In April 2009, the Disciplinary Committee received a complaint against respondent from client Ms. T, alleging that in January 2005, she and her husband had entered into a contract of sale with an individual to purchase their house located in Brooklyn, New York. Respondent, as the sellers' attorney, was required to hold the $10,000 downpayment in escrow pending the closing. In the summer of 2005, respondent's clients wrote letters to respondent expressing their dissatisfaction with the contract and allegedly respondent gave them the “run-around.” In a letter to respondent, his clients asked him to cancel the contract of sale and return the $10,000 downpayment to the purchaser. By that date, the balance in respondent's escrow account had fallen to $254.75, due to his impermissive use of the downpayment funds.

Notwithstanding his clients' request, respondent wrote a “time is of the essence” letter to the purchaser's attorney, stating that the closing would take place on September 7, 2005 and that a failure to appear would be deemed a material breach and default, resulting in his clients retaining the $10,000. According to Ms. T, the closing, which was to have taken place on October 29, 2005, fell through because the purchaser obtained a mortgage loan for more than the contract allowed and respondent alerted Ms. T and her husband of his concerns of possible mortgage fraud. In or about late October 2005, the purchaser filed a civil action for damages against respondent's clients in Kings County, and, according to Ms. T, respondent told her husband that they should wait three years until the case was dismissed.

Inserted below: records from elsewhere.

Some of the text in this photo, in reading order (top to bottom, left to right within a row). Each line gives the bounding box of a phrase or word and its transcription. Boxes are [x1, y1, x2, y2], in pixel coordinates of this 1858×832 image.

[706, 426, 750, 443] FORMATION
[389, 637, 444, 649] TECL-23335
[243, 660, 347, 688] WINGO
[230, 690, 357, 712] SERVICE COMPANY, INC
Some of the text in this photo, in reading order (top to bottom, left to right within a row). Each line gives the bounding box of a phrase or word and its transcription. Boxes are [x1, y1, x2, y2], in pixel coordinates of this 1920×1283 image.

Almost three years later, in August 2008, Ms. T wrote to respondent asking about the status of the case and whether he still had the $10,000 downpayment. Upon not hearing from respondent for five months, Ms. T wrote to him again in January and February 2009, requesting that he cancel the contract and return the downpayment to the purchaser. On April 7, 2009, respondent replied to Ms. T, advising against releasing the money to the purchaser since the action could be restored to the calendar and, if the buyer prevailed, Ms. T and her husband might have to return the money. At the time respondent wrote this letter, the balance in his escrow account had dropped to $490.35. Respondent testified during his deposition he was aware of the low account balance at the time he wrote the letter, but that he planned on replacing the missing funds with personal funds. Ten days after respondent's April 7 letter, Ms. T filed her complaint with the Committee.

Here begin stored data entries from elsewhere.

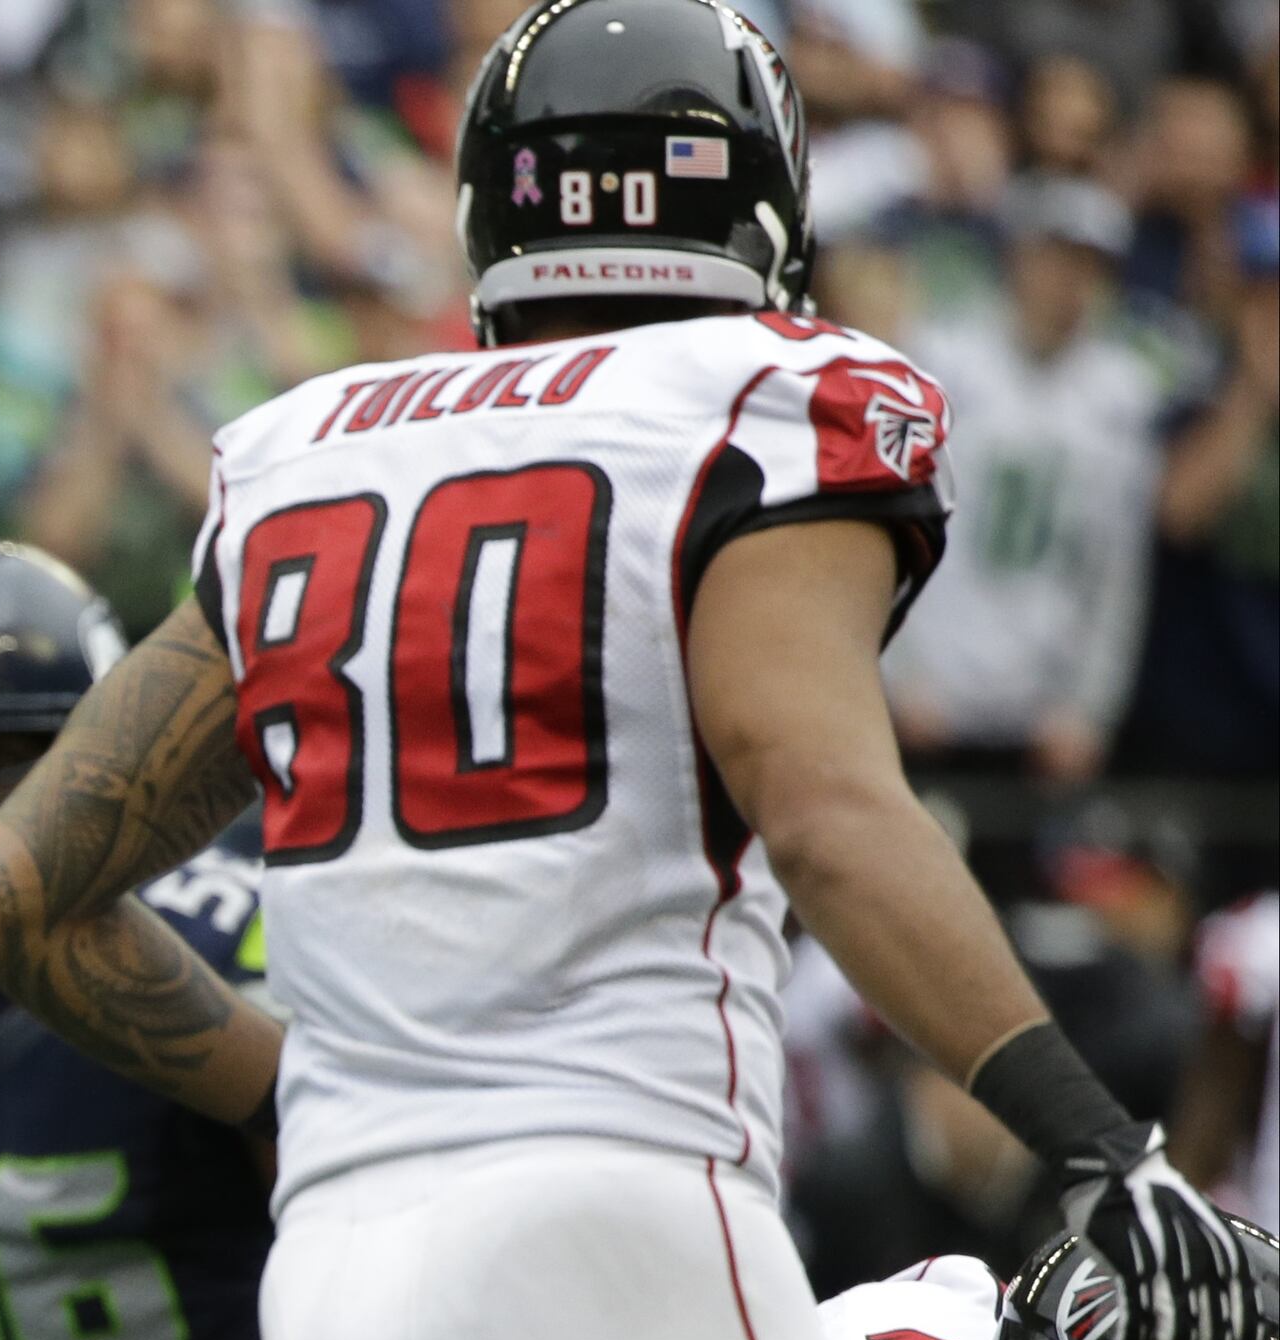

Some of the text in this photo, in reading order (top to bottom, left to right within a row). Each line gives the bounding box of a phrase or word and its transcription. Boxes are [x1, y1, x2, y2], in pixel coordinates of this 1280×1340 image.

[559, 170, 657, 226] 80
[532, 263, 695, 283] FALCONS
[310, 346, 617, 443] TUILOLO
[234, 460, 612, 867] 80
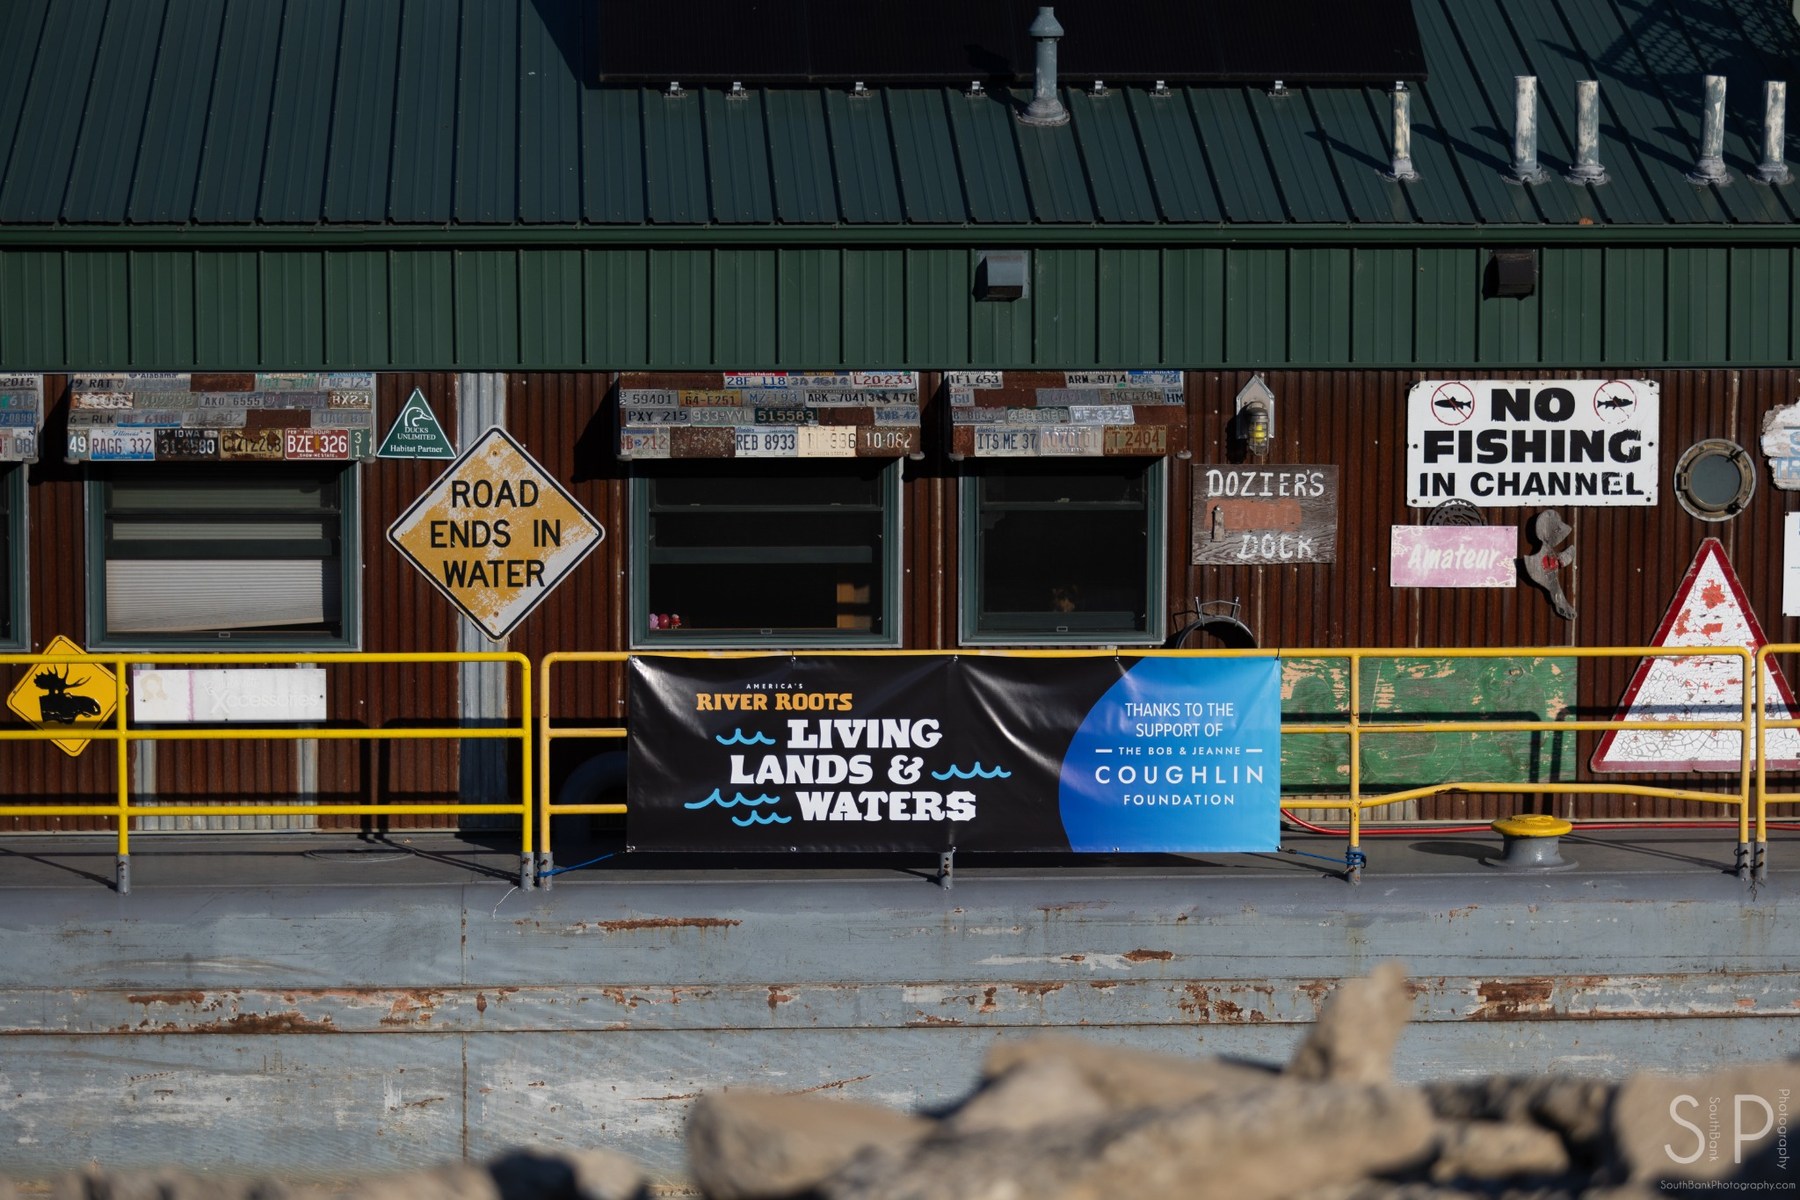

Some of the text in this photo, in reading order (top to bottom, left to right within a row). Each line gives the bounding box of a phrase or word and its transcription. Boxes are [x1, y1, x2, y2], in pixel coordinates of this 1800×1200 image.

In July 2009, respondent provided the Committee with his bank statements for his escrow account (escrow account # 1) in which he deposited the $10,000 downpayment for the period January 2005 through July 2009 (the audit period). At that time respondent advised the Committee that Ms. T had received her $10,000 and he thought that was the end of it. Thereafter, the Committee subpoenaed the bank to obtain the full records for respondent's escrow account and for another escrow account (escrow account # 2).

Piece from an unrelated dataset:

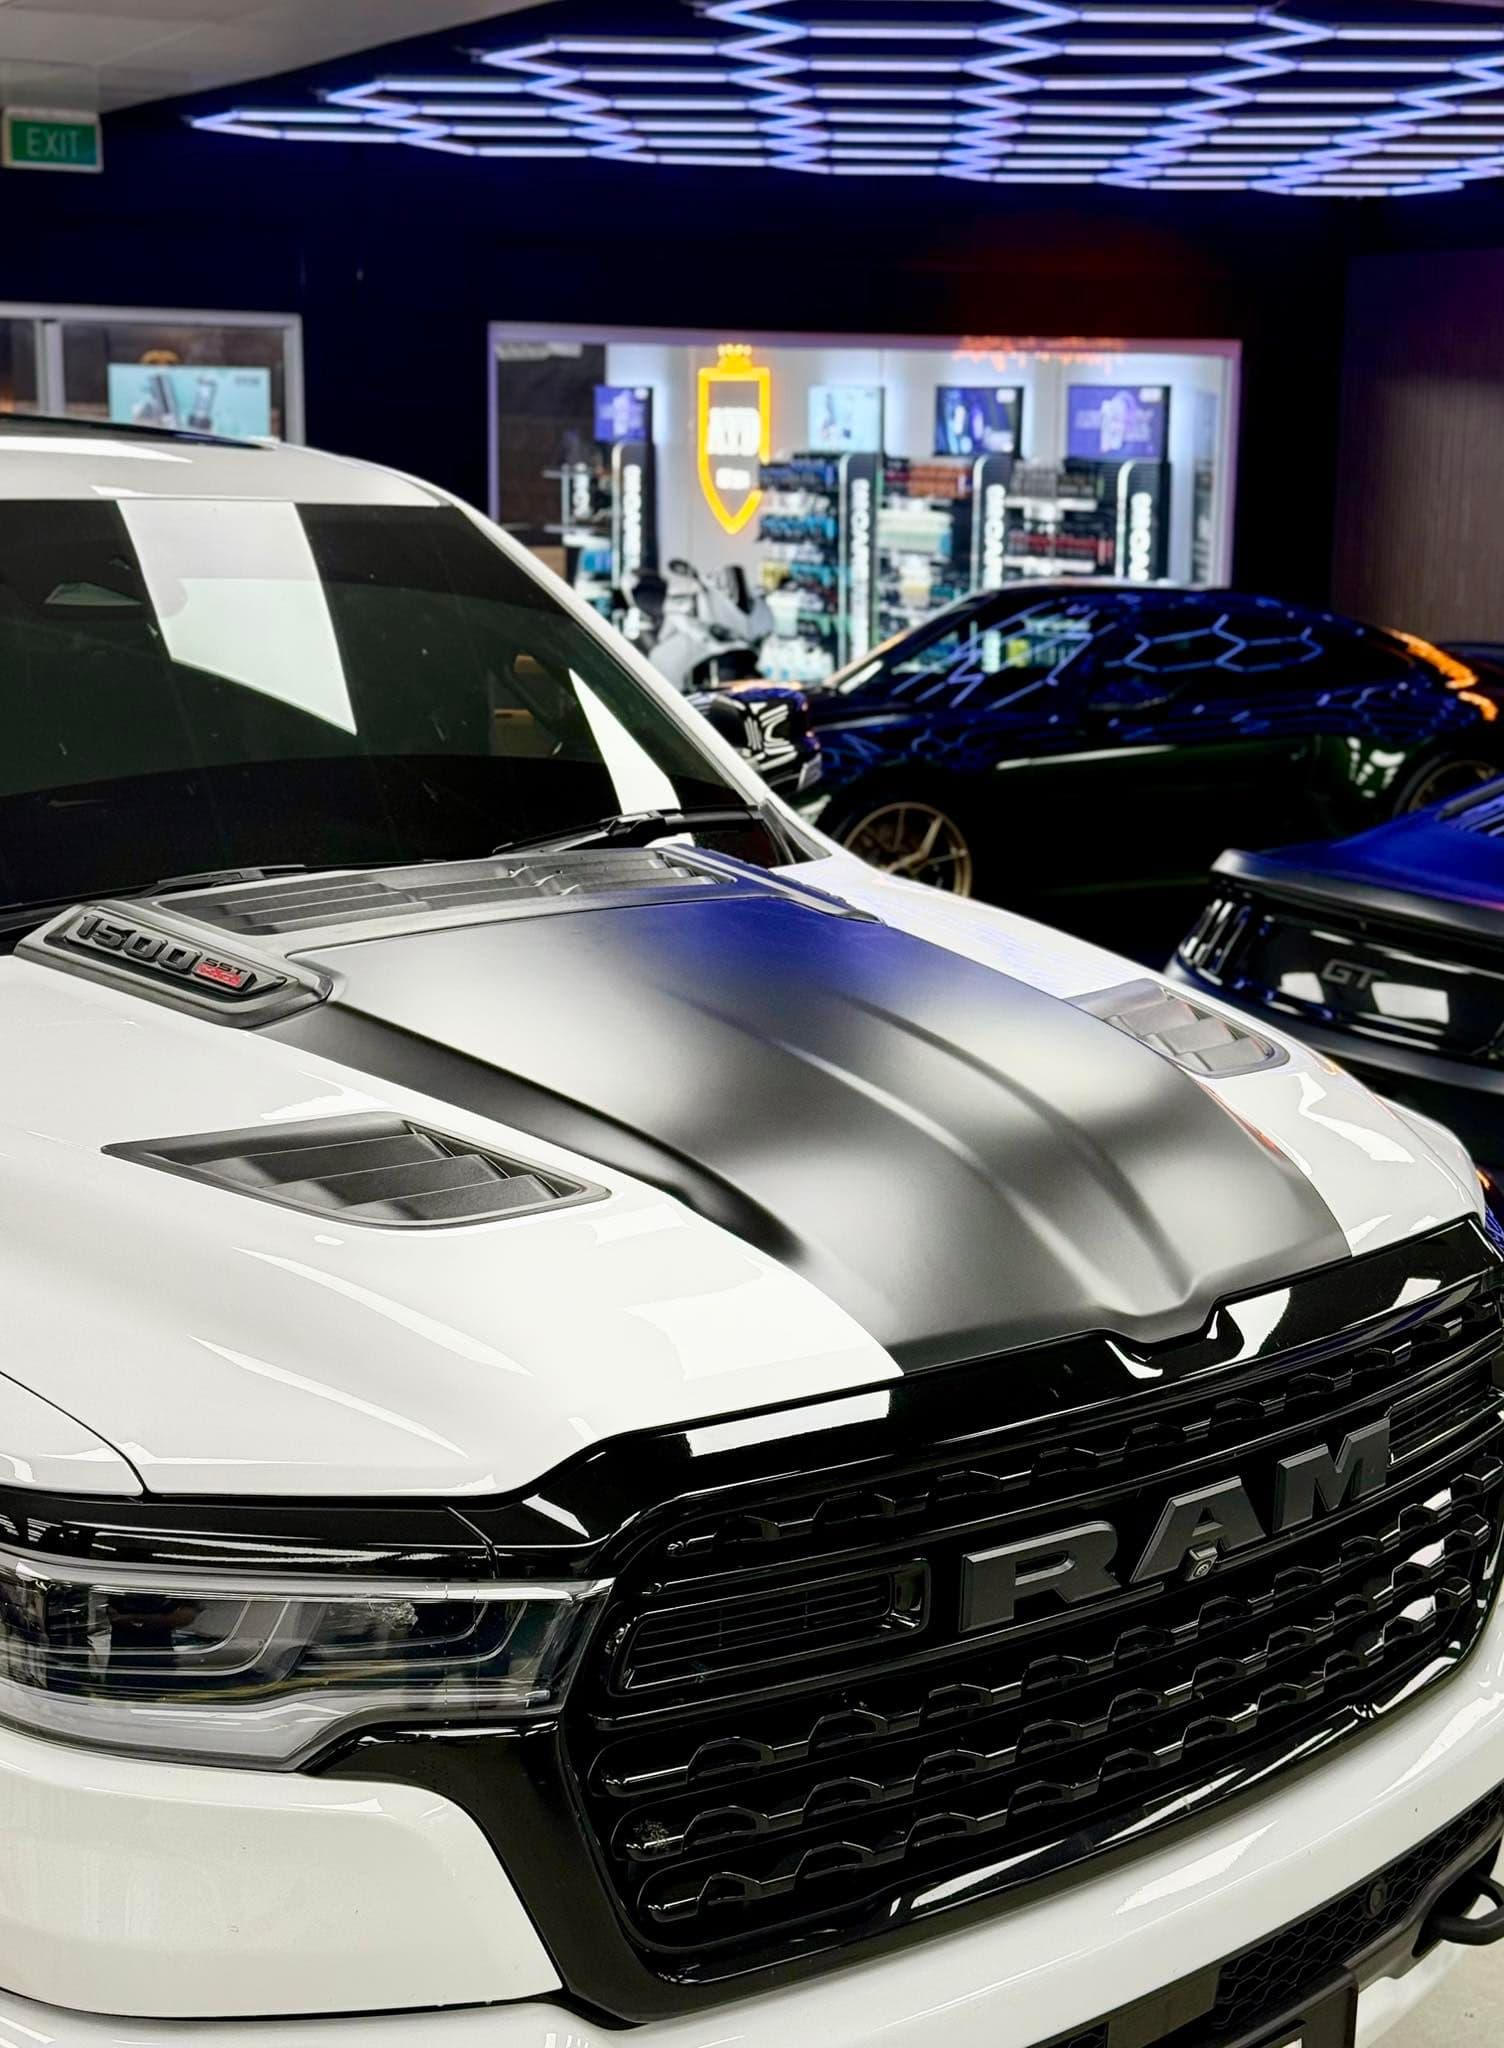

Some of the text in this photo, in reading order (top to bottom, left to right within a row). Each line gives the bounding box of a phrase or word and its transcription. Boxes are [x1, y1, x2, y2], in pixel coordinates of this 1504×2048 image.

Respondent admitted during his deposition that he did not have a ledger for his escrow accounts, but rather, “in each file I had a record of monies I was holding.” As the Committee notes, an attorney's failure to maintain a ledger or similar bookkeeping records is violative of DR 9–102(D). Using the bank records, the Committee's investigative accountant essentially created a ledger reconstructing transactions from both escrow accounts to identify the purpose of each transaction. A review of the escrow account records revealed a deposit of the buyer's $10,000 downpayment on January 18, 2005, and over the next few months, several deposits and numerous withdrawals—many to American Express—were made into and out of the account. On July 5, 2005, a check for $25,228 was written to Sessler Mackin LLP, dropping the balance in respondent's account to $1,990.69, far below the $10,000 he was required to maintain in escrow for the real estate matter. In addition, at the time respondent wrote his August 30, 2005 “time is of the essence” letter to the buyer's attorney, the balance in the account was about $255. Respondent's account balance remained below $10,000 until November 2005, but again fell below $10,000 one month later. Moreover, for a seven month period beginning in September 2006 to April 2007, the balance in respondent's account fluctuated above and below $10,000 several more times, falling as low as $193.44.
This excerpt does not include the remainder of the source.